Сергеич поднялся на ноги, рывком вытащил из спины безмятежного Владика топор и направился ко мне.
Марина вскрикнула и даже вроде бы сделала движение броситься наперерез, но не сделала это. Теперь была её очередь ждать знамений и убеждаться в истине теорий.
Сначала он повалил меня на землю и от души прикладывался по бокам и голове тощими ногами в старых, но ещё крепких ботинках. Я пытался вскочить, врезать ему в ответ, но Сергеич был в эти минуты необычайно ловок. Он пресекал все мои попытки к бунту.
Когда я ослаб, он схватил меня за волосы и подтащил к деревянному поддону, на котором хранились раньше кирпичи. Подмяв мою спину коленями, он схватил меня за руку и объявил:
– Знай, Лёнька, это ты меня до греха довёл. Будь ты посговорчивей, ничего этого бы не произошло. Не хочется тебя калечить, да придётся. Сейчас я буду отрубать тебе по пальцу – это очень больно, я сам когда-то потерял палец под пилой, смотри, – он помахал перед моим лицом ладонью, на которой отсутствовал безымянный палец, – и чем дольше ты не признаешься, тем больше пальцев потеряешь. Прости меня, господи, но я не виноват.
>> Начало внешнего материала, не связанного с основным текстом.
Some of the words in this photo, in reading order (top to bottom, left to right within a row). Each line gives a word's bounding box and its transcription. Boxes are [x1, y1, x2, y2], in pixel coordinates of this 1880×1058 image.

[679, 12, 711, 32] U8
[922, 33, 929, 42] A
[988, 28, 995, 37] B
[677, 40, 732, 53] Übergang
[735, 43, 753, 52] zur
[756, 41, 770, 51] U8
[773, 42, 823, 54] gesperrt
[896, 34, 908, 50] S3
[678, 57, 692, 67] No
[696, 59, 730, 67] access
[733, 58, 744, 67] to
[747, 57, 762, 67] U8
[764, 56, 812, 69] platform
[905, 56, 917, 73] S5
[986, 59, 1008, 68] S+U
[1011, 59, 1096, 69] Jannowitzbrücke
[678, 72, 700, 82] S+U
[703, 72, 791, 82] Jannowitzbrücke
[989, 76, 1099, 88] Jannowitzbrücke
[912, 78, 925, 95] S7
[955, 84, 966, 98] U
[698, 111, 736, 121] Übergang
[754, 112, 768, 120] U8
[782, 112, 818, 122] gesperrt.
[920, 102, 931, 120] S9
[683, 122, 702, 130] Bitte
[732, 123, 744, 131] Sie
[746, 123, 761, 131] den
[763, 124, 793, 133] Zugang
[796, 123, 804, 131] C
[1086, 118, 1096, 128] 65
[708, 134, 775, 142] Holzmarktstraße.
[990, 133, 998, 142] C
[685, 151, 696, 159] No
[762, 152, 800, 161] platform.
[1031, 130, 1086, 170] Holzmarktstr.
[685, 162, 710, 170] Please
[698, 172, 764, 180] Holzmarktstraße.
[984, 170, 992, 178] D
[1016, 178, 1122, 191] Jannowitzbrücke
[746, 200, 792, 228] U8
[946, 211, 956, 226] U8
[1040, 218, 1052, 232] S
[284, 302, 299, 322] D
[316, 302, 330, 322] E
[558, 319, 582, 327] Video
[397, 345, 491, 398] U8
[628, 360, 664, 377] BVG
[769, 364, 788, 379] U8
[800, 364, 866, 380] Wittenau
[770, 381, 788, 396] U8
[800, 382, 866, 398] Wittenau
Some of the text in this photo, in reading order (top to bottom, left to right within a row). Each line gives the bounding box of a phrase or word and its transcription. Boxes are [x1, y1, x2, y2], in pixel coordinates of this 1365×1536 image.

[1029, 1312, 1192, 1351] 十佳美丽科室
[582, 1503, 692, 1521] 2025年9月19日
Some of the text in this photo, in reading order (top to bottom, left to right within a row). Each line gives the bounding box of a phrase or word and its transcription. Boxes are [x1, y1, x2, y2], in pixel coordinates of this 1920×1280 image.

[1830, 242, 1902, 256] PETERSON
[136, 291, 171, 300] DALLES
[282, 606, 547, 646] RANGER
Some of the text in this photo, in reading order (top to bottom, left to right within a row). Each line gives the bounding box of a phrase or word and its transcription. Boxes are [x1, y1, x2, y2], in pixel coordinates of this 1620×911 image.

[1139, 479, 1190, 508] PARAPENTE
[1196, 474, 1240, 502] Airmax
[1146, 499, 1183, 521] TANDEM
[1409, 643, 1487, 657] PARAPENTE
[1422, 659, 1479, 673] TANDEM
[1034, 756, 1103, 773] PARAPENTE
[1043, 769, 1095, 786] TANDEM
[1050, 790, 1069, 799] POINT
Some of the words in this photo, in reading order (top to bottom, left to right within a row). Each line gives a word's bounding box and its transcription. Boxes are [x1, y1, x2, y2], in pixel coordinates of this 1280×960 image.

Он прижал мою ладонь к деревянной поверхности поддона и замахнулся топором.
Ну где же знак, струилось в голове, знак, за которым спасение и победа?
И знак свершился. Верный знак, спасительный.
Где-то за нашими спинами раздался выстрел, Сергеич тут же обмяк и секунду спустя медленно осел на меня. Я тут же стряхнул его со спины и вскочил на ноги.
Передо мной стоял Павел Аркадьевич, в вытянутой руке он держал пистолет. Был он какой-то тёмный, синеватый, на плече и груди одежду украшали кровавые пятна, а ещё одно пятно значилось на лбу. Он стоял, покачиваясь.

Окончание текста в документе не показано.